De vuelta en Washington, Trump redobló su retórica incendiaria. Tachó la teoría crítica de la raza como "propaganda divisiva y antiamericana" y defendió la "educación patriótica" mientras minimizaba los legados de la esclavitud. Como dijo el New York Times, "el presidente ha hecho cada vez más de las invocaciones a las quejas de los partidarios blancos una pieza central de su campaña de reelección". Si postularse como defensor de la "América blanca" es una propuesta ganadora es una cuestión importante. A menos que Estados Unidos pueda encontrar una manera de aceptar su pasado y presente racista, pasará a la historia como prueba de que el poder y la riqueza no significan nada si los ciudadanos de una nación no pueden ponerse de acuerdo sobre cómo vivir juntos.
Epílogo
¿Fue una propuesta ganadora apelar a la sensación de agravio de los electores blancos? Lamentablemente, la respuesta tiene que ser “casi”. No hubo una ola azul. A los republicanos les fue bien en la Cámara de Representantes, el Senado, las legislaturas estatales y las gobernaciones. Donald Trump ganó 70 millones de votos, perdiendo votos del Colegio Electoral por estrechos márgenes en varios estados claves. Las elecciones del 2020 pueden haber sido una derrota humillante para Trump pero, si bien no fue reelegido como pasa normalmente con presidentes en ejercicio, no puede quejarse de la lealtad de su base electoral.
La base de electores de Biden salió a apoyarlo con más de 75 millones de votos. Sin duda, el movimiento #BlackLivesMatter ayudó a movilizar la base demócrata, pero a la vez asustó a los partidarios de Trump, quienes aceptaron su retórica de “ley y orden”. Y el intento de pintar a Biden como en deuda con socialistas dentro del Partido Demócrata, por extraño que sea, aparentemente resonó entre los votantes latinos conservadores, especialmente entre ciertos sectores cubanos y otros sudamericanos, pero no tanto entre los mexicanos o centroamericanos.
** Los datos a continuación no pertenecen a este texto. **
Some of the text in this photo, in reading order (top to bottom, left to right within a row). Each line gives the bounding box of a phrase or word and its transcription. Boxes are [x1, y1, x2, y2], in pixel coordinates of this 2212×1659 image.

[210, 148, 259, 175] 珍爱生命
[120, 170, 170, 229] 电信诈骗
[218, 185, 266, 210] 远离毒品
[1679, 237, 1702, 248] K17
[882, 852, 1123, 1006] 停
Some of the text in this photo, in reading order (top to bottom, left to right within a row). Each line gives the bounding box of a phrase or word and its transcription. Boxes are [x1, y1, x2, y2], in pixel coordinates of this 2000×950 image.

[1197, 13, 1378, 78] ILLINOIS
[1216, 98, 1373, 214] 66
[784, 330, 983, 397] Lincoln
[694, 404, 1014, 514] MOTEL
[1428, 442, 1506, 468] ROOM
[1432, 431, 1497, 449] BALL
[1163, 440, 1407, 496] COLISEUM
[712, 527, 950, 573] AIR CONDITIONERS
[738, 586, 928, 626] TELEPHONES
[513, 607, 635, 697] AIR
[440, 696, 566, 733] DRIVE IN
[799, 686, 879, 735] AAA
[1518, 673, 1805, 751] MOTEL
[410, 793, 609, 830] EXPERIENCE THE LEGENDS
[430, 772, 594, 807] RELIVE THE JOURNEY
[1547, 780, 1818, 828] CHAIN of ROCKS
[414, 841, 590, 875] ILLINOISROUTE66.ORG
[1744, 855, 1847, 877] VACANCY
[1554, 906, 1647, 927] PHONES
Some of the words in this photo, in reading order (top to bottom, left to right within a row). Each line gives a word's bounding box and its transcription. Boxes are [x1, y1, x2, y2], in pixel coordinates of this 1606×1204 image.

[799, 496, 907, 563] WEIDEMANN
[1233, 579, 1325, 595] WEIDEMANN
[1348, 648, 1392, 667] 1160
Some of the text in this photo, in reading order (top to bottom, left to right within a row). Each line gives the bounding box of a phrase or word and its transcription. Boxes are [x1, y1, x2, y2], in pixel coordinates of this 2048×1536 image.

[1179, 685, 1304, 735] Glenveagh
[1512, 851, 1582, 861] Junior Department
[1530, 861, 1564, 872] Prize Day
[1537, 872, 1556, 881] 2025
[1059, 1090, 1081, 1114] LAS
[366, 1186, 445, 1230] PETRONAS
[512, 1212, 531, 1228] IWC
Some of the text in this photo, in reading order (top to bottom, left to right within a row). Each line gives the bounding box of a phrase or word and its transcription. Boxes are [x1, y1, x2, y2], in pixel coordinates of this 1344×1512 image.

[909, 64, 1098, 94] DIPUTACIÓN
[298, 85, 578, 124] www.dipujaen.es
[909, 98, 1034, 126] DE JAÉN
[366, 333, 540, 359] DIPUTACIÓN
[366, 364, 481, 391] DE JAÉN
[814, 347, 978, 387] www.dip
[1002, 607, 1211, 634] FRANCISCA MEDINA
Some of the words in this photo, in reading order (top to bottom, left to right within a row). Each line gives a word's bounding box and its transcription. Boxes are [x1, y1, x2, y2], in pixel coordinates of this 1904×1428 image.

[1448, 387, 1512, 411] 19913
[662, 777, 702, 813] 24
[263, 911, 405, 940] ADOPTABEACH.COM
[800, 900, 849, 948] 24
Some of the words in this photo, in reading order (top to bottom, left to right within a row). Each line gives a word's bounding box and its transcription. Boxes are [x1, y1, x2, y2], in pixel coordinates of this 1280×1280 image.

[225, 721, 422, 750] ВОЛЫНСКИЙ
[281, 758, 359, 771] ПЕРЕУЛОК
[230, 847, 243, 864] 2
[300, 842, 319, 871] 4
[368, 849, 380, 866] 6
Los demócratas tendrán un gran reto en unir sus bases. Pero, más aún, deberán usar todos los medios disponibles para resistir la agenda republicana de controlar los tribunales, manipular distritos electorales, erosionar los derechos de voto, suprimir el voto y bloquear legislación en el Senado (filibuster). Los demócratas deben abogar por una agenda a largo plazo que incluya: la abolición del colegio electoral, la ampliación de la corte suprema y la limitación de los plazos de sus jueces, reforzar los derechos del votante, reducir el poder del dinero en las campañas, y poner fin al obstruccionismo en el Senado. Los demócratas deben repudiar en todo momento intentos de los republicanos de construir un sistema de dominación minoritaria etno-nacionalista y ofrecer, en cambio, una visión alternativa de democracia pluralista, multicultural e igualitaria.
Los gringos están tan divididos entre republicanos y los demócratas que se odian entre ellos. Esta extrema polarización debilita la democracia e impide alcanzar la justicia social. La solución no es intentar apaciguar a los políticos republicanos. El presidente electo tendrá que trabajar con los republicanos que probablemente controlarán el Senado, pero no debe rendirse ante su agenda.
Construir la amplia y plural coalición imaginada por Martin Luther King será el trabajo de varias generaciones. Quizás por esa razón eligió a una mujer de color más joven como vicepresidenta.